For each entry, restate it word for word while omitting any image it holds.

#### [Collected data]
++++++++++
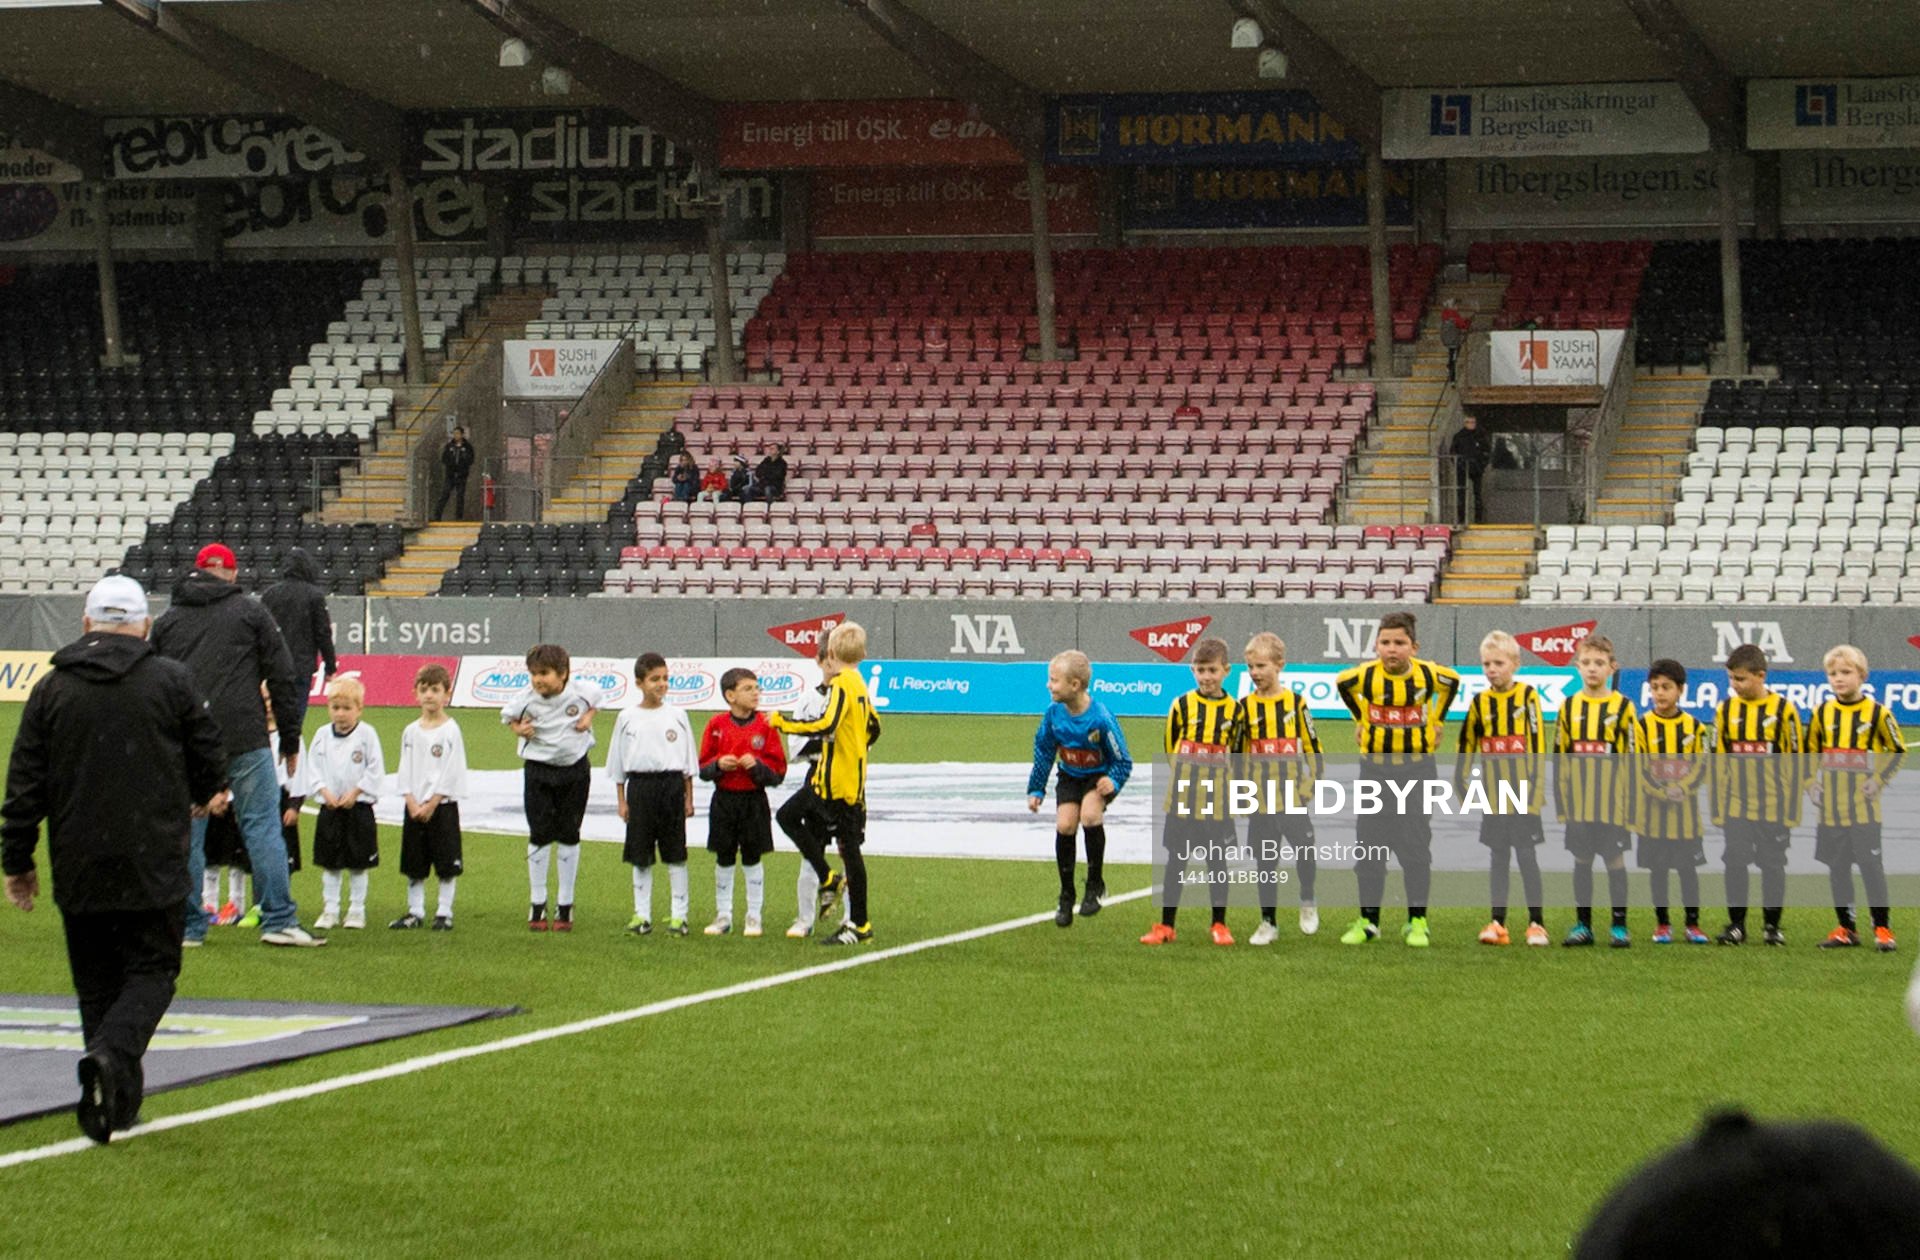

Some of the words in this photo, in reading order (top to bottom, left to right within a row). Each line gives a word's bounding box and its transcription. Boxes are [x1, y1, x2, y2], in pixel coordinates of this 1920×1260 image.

[1481, 92, 1658, 116] Länsförsäkringar
[743, 121, 812, 147] Energi
[821, 118, 849, 142] till
[1481, 116, 1593, 140] Bergslagen
[1552, 339, 1595, 353] SUSHI
[558, 348, 597, 361] SUSHI
[1553, 356, 1596, 369] YAMA
[559, 363, 597, 376] YAMA
[399, 617, 490, 649] synas!
[822, 620, 837, 630] UP
[1186, 623, 1202, 634] UP
[1571, 627, 1589, 639] UP
[951, 614, 1024, 654] NA
[1149, 633, 1189, 648] BACK
[1712, 621, 1793, 663] NA
[1531, 637, 1575, 653] BACK
[903, 676, 970, 693] Recycling
[1094, 680, 1162, 696] Recycling
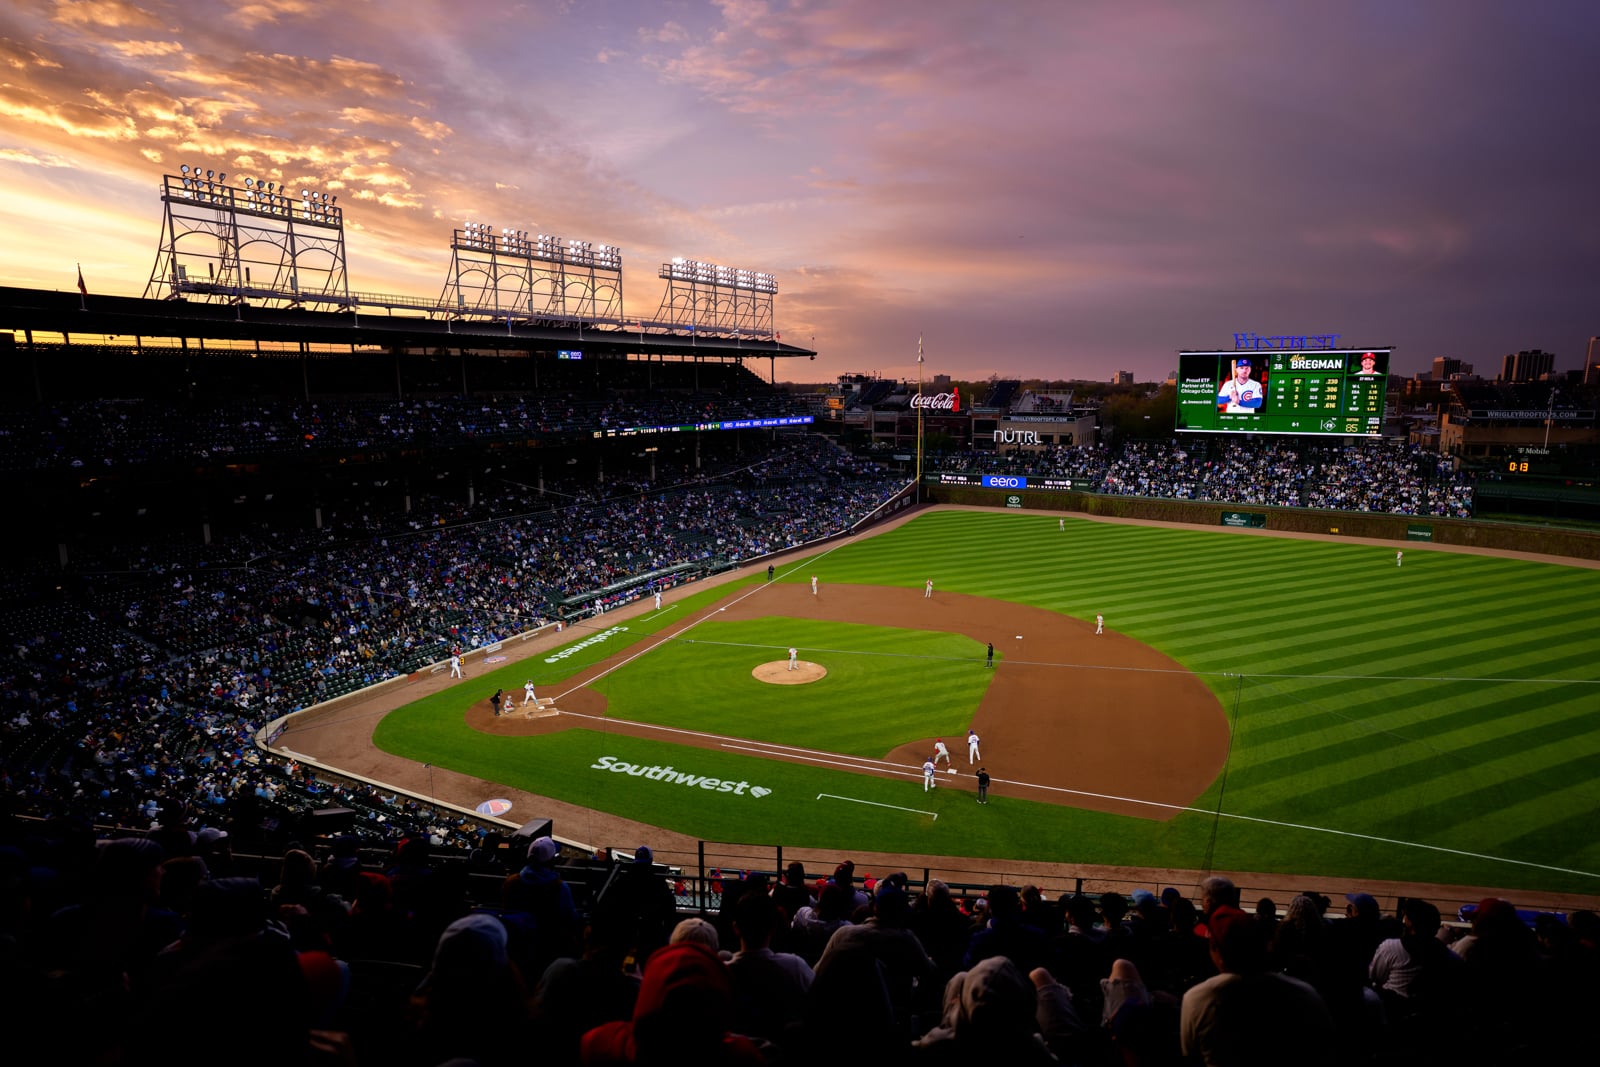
++++++++++
#### [Reply to the exercise]
Some of the words in this photo, in reading order (top to bottom, left to right within a row). Each line gives a word's bounding box and its transcription. Boxes are [x1, y1, x2, y2], in pixel coordinates of this 1920×1260 image.

[1481, 92, 1658, 116] Länsförsäkringar
[743, 121, 812, 147] Energi
[821, 118, 849, 142] till
[1481, 116, 1593, 140] Bergslagen
[1552, 339, 1595, 353] SUSHI
[558, 348, 597, 361] SUSHI
[1553, 356, 1596, 369] YAMA
[559, 363, 597, 376] YAMA
[399, 617, 490, 649] synas!
[822, 620, 837, 630] UP
[1186, 623, 1202, 634] UP
[1571, 627, 1589, 639] UP
[951, 614, 1024, 654] NA
[1149, 633, 1189, 648] BACK
[1712, 621, 1793, 663] NA
[1531, 637, 1575, 653] BACK
[903, 676, 970, 693] Recycling
[1094, 680, 1162, 696] Recycling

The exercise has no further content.